If you bet your money on the Lions weathering Montréal’s early storm of pressure and shaking off a 1.8-0.6 expected-goals deficit en route to a 2-0 road win via a Sebas Mendez worldie from distance, well… your hefty payout should tell you how rare that point of view was.

“It has been difficult with what just happened against Nashville. And this week, the boys forgot about it and then got through it,” Pareja told reporters postgame. “We understand that this is part of the game and this is part of our job. And today we were much focused on just playing the game and doing our job there on the field.

“It has been really emotional time for us this month, when we had opportunities to clinch at home and we couldn't – and playing well, and deserving much more, but we couldn't execute it.
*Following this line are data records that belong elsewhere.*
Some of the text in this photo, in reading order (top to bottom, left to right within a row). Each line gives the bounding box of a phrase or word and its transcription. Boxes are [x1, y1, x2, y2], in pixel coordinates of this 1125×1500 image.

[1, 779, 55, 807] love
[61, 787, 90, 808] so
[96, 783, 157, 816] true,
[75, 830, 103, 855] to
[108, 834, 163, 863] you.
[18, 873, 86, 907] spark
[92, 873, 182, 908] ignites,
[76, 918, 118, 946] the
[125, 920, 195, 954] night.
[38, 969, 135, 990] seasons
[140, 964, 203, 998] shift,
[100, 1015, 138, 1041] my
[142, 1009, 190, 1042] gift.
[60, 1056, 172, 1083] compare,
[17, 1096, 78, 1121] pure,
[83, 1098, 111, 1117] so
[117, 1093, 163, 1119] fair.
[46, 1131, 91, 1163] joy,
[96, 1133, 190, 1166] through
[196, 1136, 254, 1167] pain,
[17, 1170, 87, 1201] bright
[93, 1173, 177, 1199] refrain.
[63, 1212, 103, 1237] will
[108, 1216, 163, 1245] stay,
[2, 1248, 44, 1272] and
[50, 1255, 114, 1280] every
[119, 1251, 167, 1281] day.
Today, I think it's a retribution from all that effort.”

Asked about the bigger significance of this qualification during a pitchside postgame television interview, Pareja contended that “it means that the club is growing,” and booking it also required a measure of personal and collective growth at the tail of what he called “a very difficult season.”

While many outside observers sympathized with Video Review wiping out Andres Perea’s would-be winner against NSC, Orlando had to set aside any lingering feelings of victimization in order to handle their mission to Canada.
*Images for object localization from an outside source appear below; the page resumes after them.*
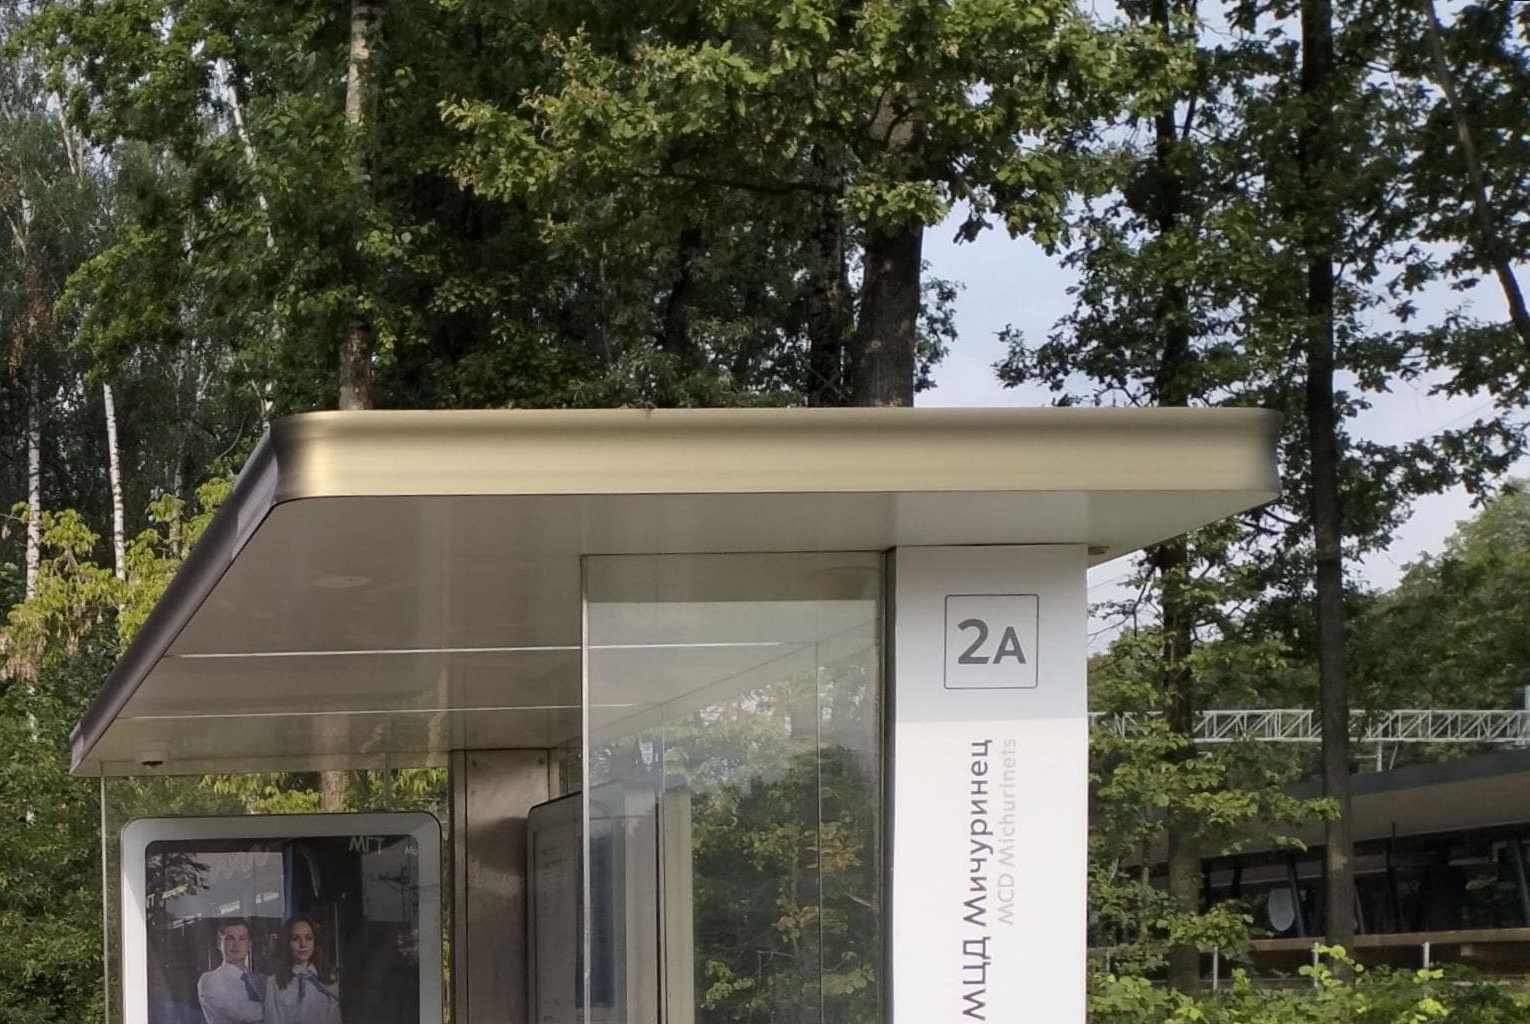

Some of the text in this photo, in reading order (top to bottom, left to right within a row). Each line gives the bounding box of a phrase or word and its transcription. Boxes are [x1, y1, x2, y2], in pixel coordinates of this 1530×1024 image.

[962, 738, 994, 1021] МЦД Мичуринец
[997, 738, 1016, 925] MCD Michurinets
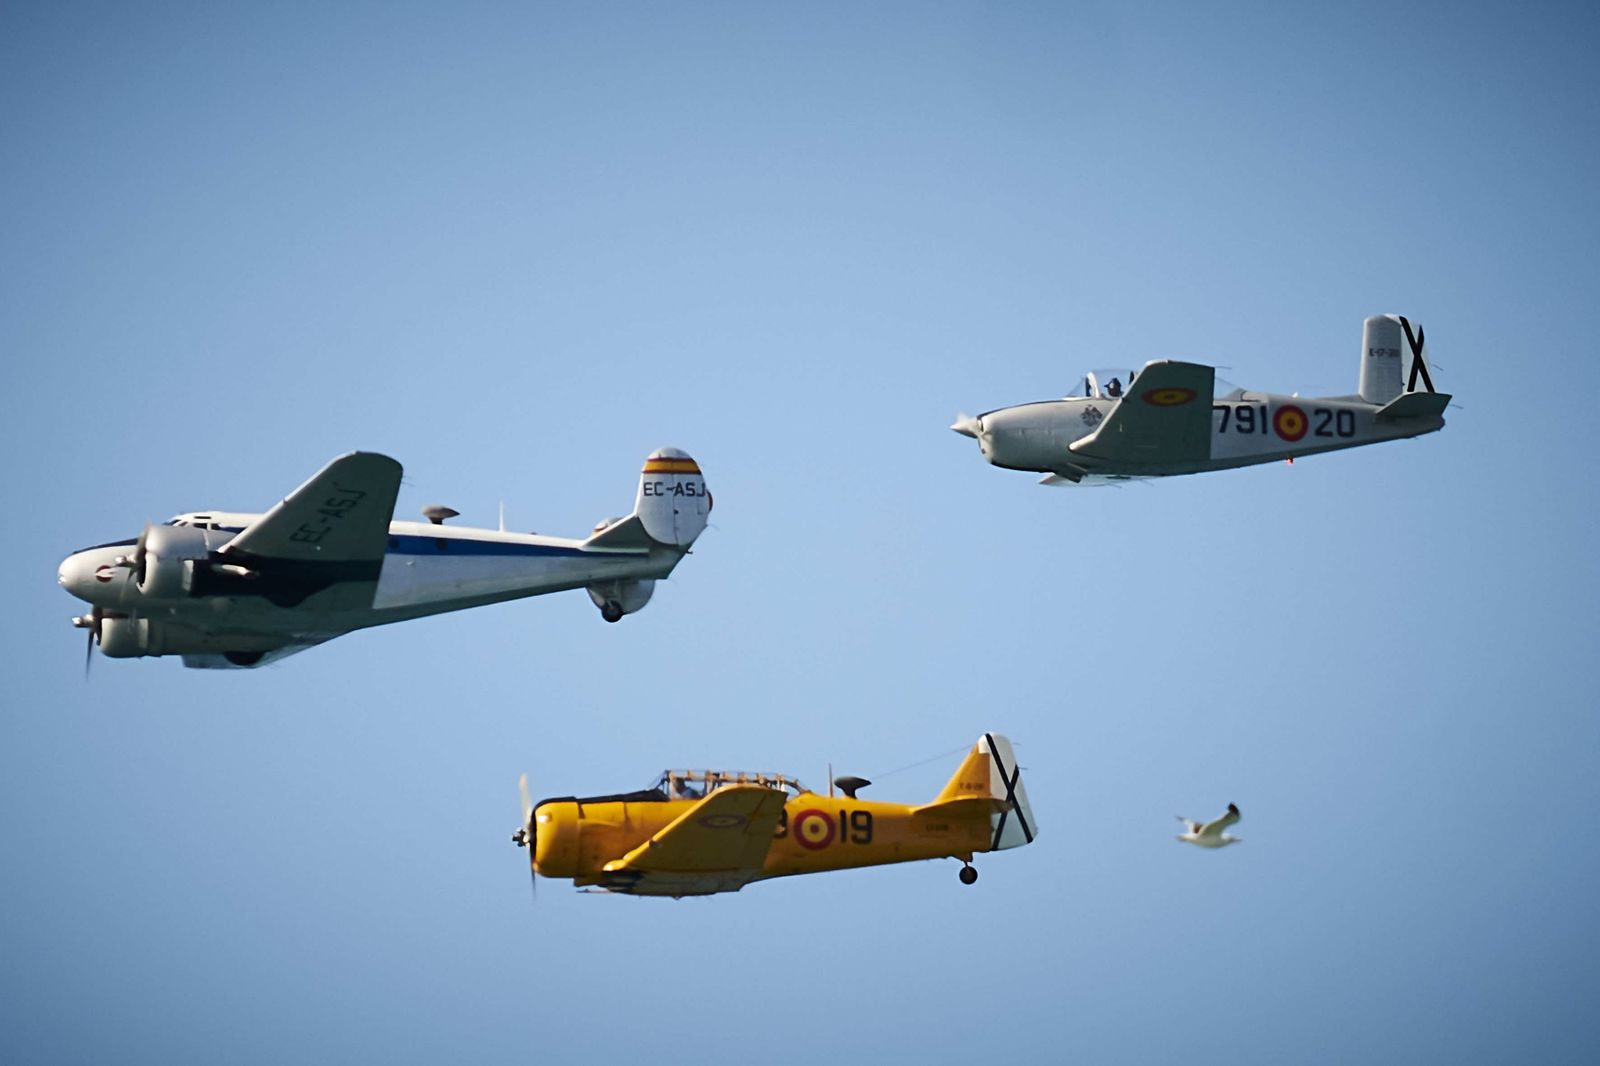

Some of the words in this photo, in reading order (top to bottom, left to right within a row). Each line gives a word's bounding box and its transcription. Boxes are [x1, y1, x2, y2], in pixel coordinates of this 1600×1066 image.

[1212, 405, 1268, 434] 791
[1313, 408, 1356, 437] 20
[643, 481, 706, 498] EC-ASJ
[288, 488, 368, 543] EC-ASJ
[839, 809, 873, 844] 19
“Obviously last weekend's events were going to be disputed, whichever side you were,” said Mendez, whose stunning 55th-minute knuckler is his first goal of the season. “So moving forward, we knew in this game we had to do absolutely everything that we could to get ourselves into a position to advance – and they had to do that as well. So we knew that we were going to come into a game that was going to be hotly contested. So we came in with everything we had, and now we’re in the playoffs, ready to move forward.”

It certainly helped that the fortune that seemed to desert Orlando last week turned up wearing purple in Montréal. CFM saw two goals disallowed, one a clear offside call on Sunusi Ibrahim, the other a much, much tighter-looking decision against Romell Quioto – and the luckless Sunusi somehow scuffed his lines on a point-blank tap-in in the first half.

“It is important to see the character of the players once they have these difficult events, as we had against Nashville with the officiating. Right now, the concentration is back,” said Pareja, pointing to the psychological facets of the sport’s human element.

“And the effort, the professionalism today from the boys, it just gives them that victory. It’s given us a good momentum to get into the playoffs. We will have time to prepare again. But it was really important today to keep our composure and our emotional part collectively stable, and we did it.”

The Lions’ reward for holding their nerve? A rematch with that same Nashville side in the playoffs’ Round One, this time at Nissan Stadium, where the Boys in Gold have been very tough to beat. Orlando are the Eastern Conference’s No. 6 seed, while Nashville are the No. 3 team.

For OCSC, though, the postseason mindset is already in place.

“With the game we played, I think it's playoff time for Orlando again,” said Pareja. “We are proud of the club, of the effort, of the fans and the way the club is going. But we knew that clinching to the playoffs is a very important step for us. And I want to give credit to these guys today. They were phenomenal, the boys are great. We're proud to coach them.”